Below is a block of records: output all of them exactly and leave out the pictures.

**** Information given ****

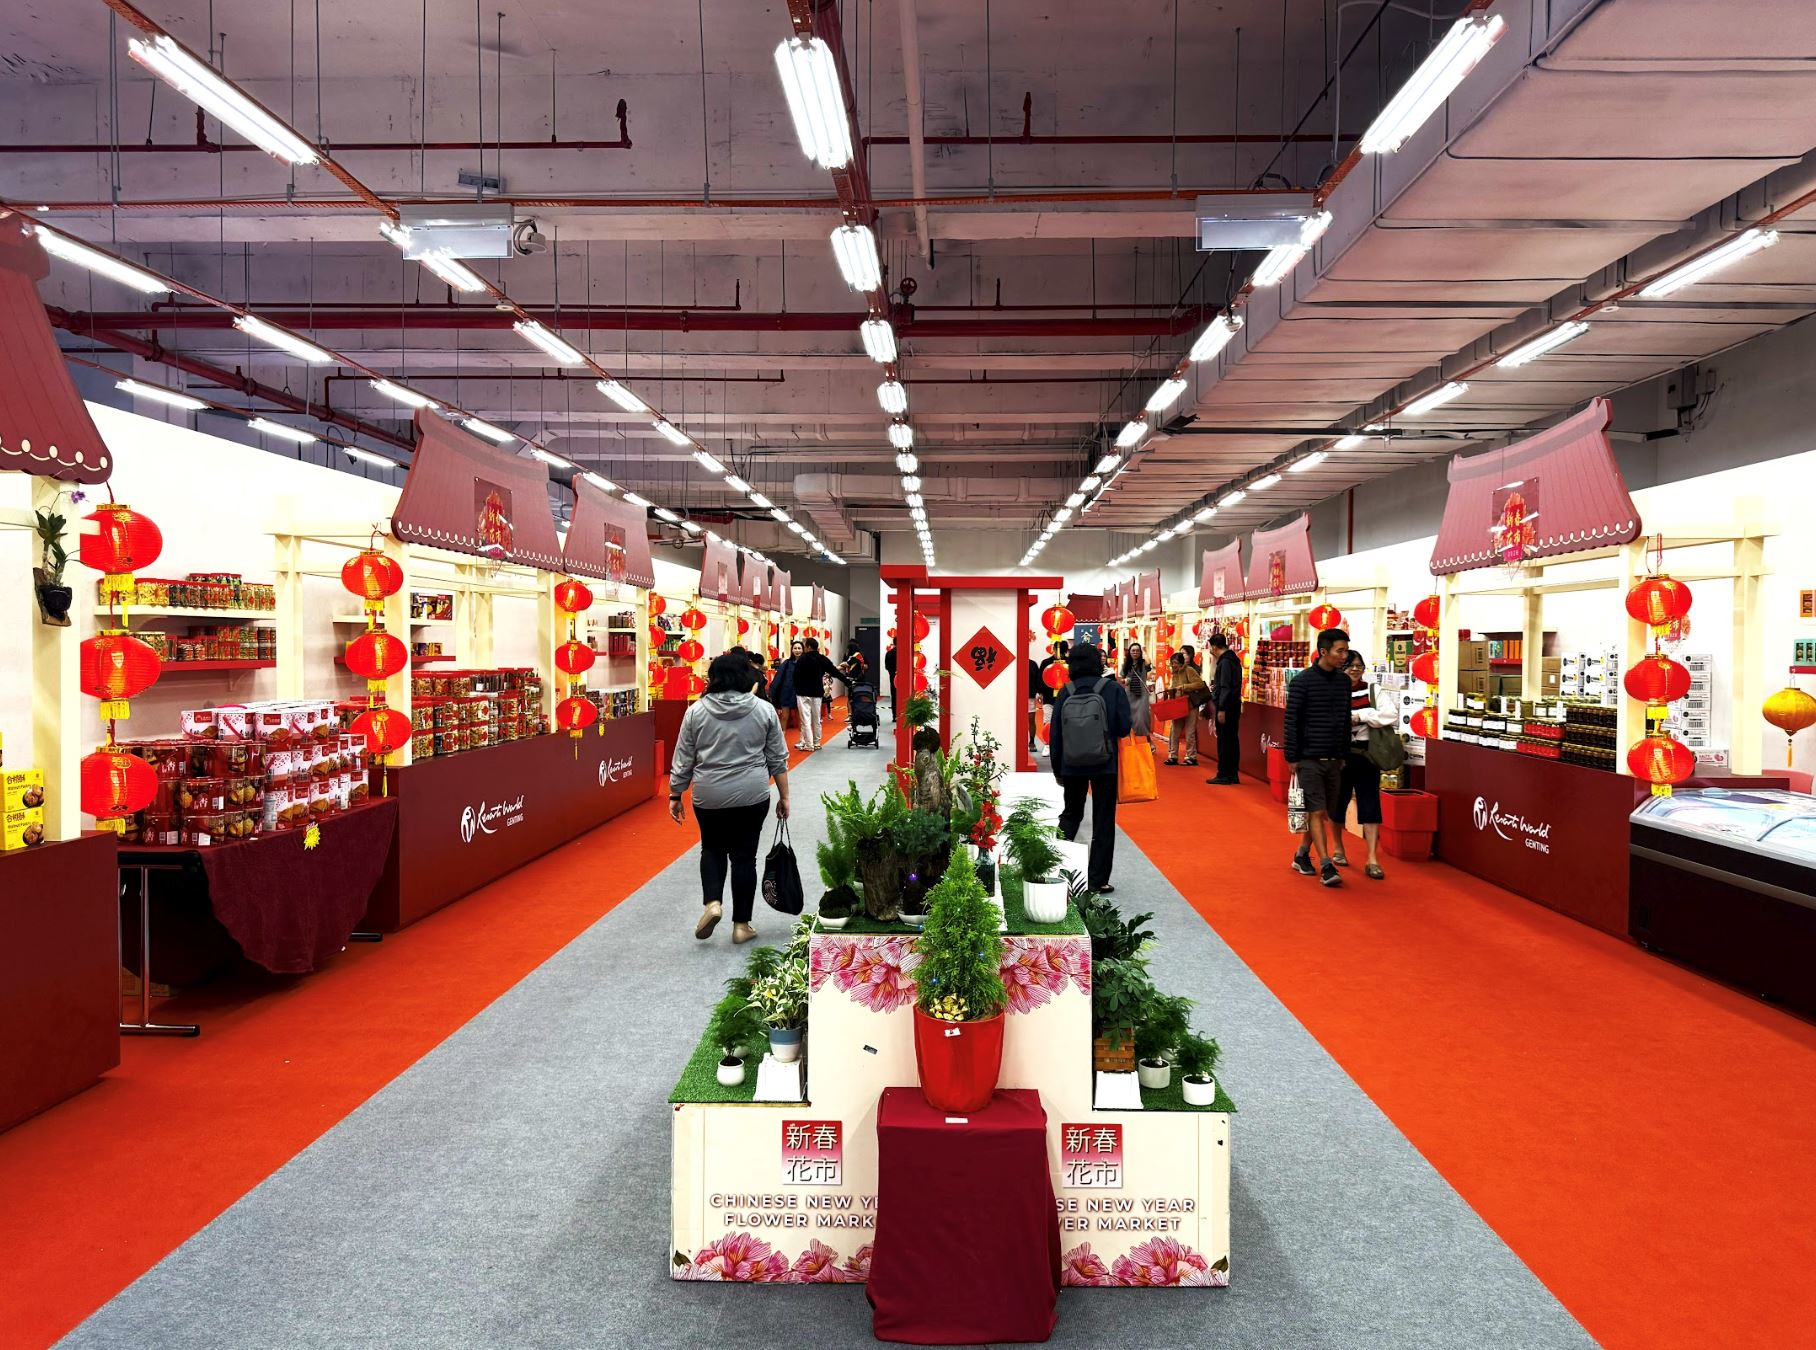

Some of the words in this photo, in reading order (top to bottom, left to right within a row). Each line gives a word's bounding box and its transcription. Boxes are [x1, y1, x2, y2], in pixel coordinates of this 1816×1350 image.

[1525, 838, 1550, 854] GENTING
[786, 1123, 838, 1151] 新春
[1065, 1127, 1118, 1154] 新春
[786, 1154, 839, 1183] 花市
[1066, 1158, 1119, 1186] 花市
[710, 1194, 798, 1210] CHINESE
[806, 1195, 852, 1210] NEW
[1087, 1199, 1134, 1213] NEW
[1143, 1199, 1195, 1213] YEAR
[723, 1213, 808, 1228] FLOWER
[1098, 1217, 1182, 1232] MARKET
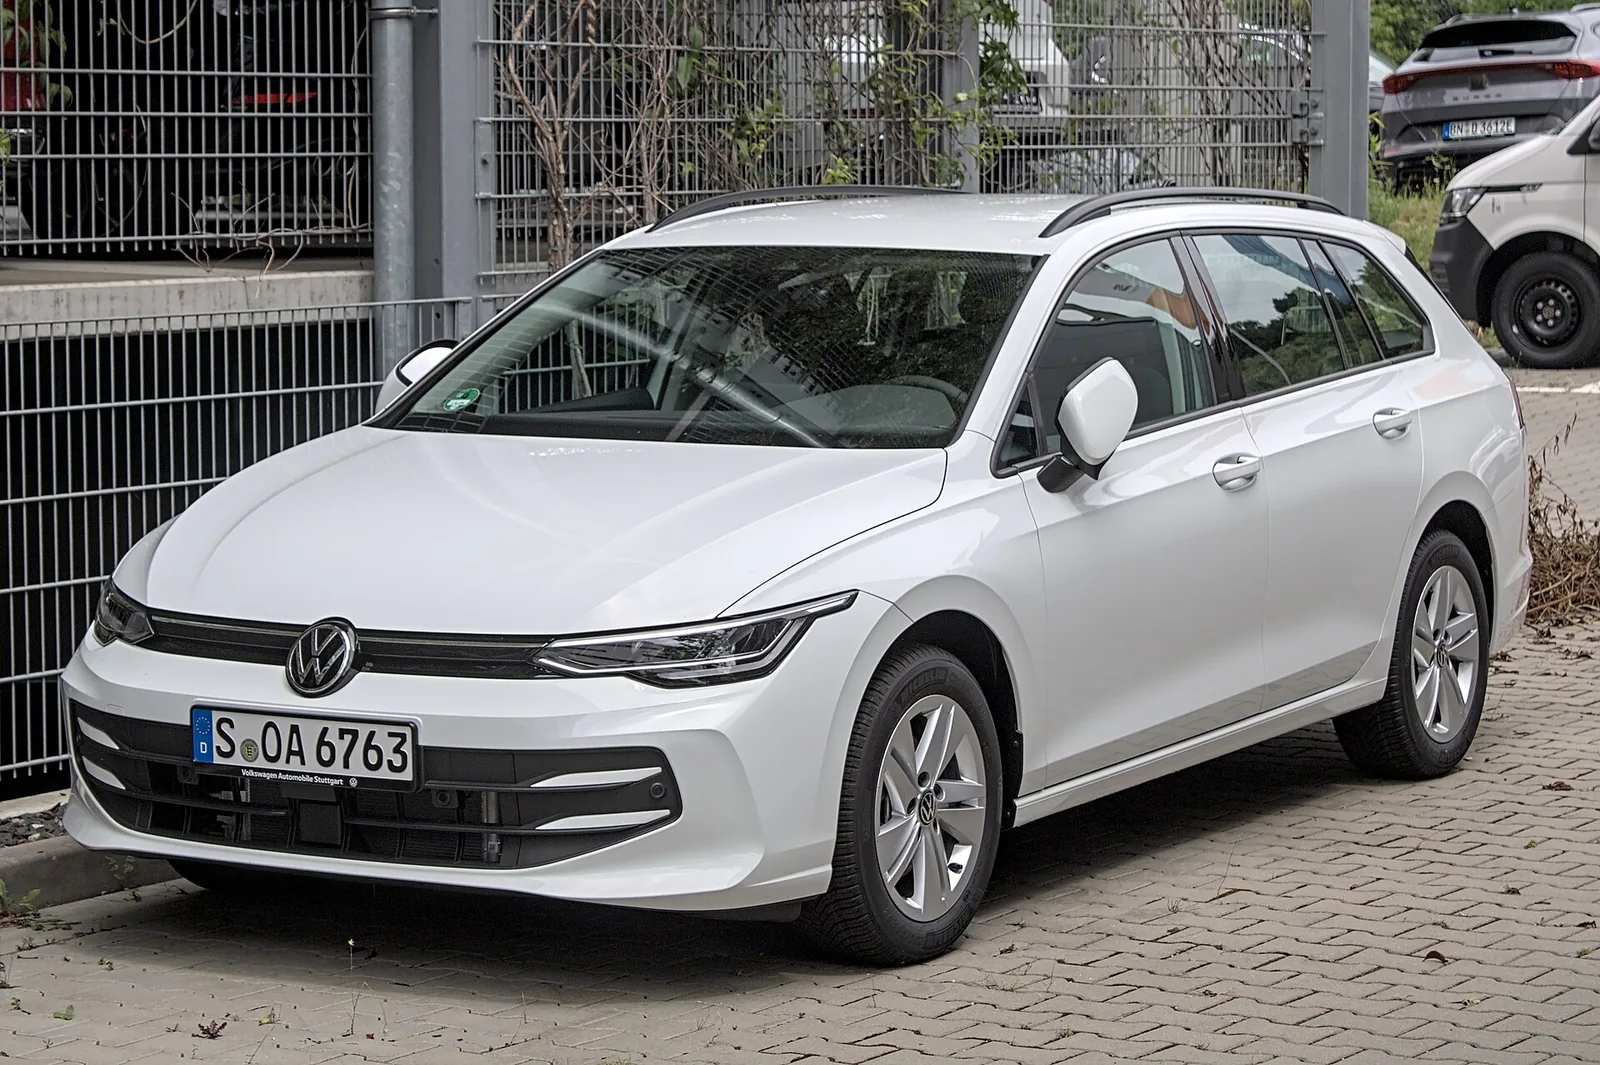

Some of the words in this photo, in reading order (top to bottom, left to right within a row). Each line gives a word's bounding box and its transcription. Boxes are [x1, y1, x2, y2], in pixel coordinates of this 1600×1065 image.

****

## Answer space
Some of the words in this photo, in reading order (top to bottom, left to right within a row). Each line gives a word's bounding box and its transcription. Boxes are [x1, y1, x2, y2], in pixel coordinates of this 1816×1350 image.

[1525, 838, 1550, 854] GENTING
[786, 1123, 838, 1151] 新春
[1065, 1127, 1118, 1154] 新春
[786, 1154, 839, 1183] 花市
[1066, 1158, 1119, 1186] 花市
[710, 1194, 798, 1210] CHINESE
[806, 1195, 852, 1210] NEW
[1087, 1199, 1134, 1213] NEW
[1143, 1199, 1195, 1213] YEAR
[723, 1213, 808, 1228] FLOWER
[1098, 1217, 1182, 1232] MARKET

Some of the words in this photo, in reading order (top to bottom, left to right within a row). Each line gives a word's bounding box and its transcription. Boxes are [x1, y1, x2, y2], in pixel coordinates of this 1600×1065 image.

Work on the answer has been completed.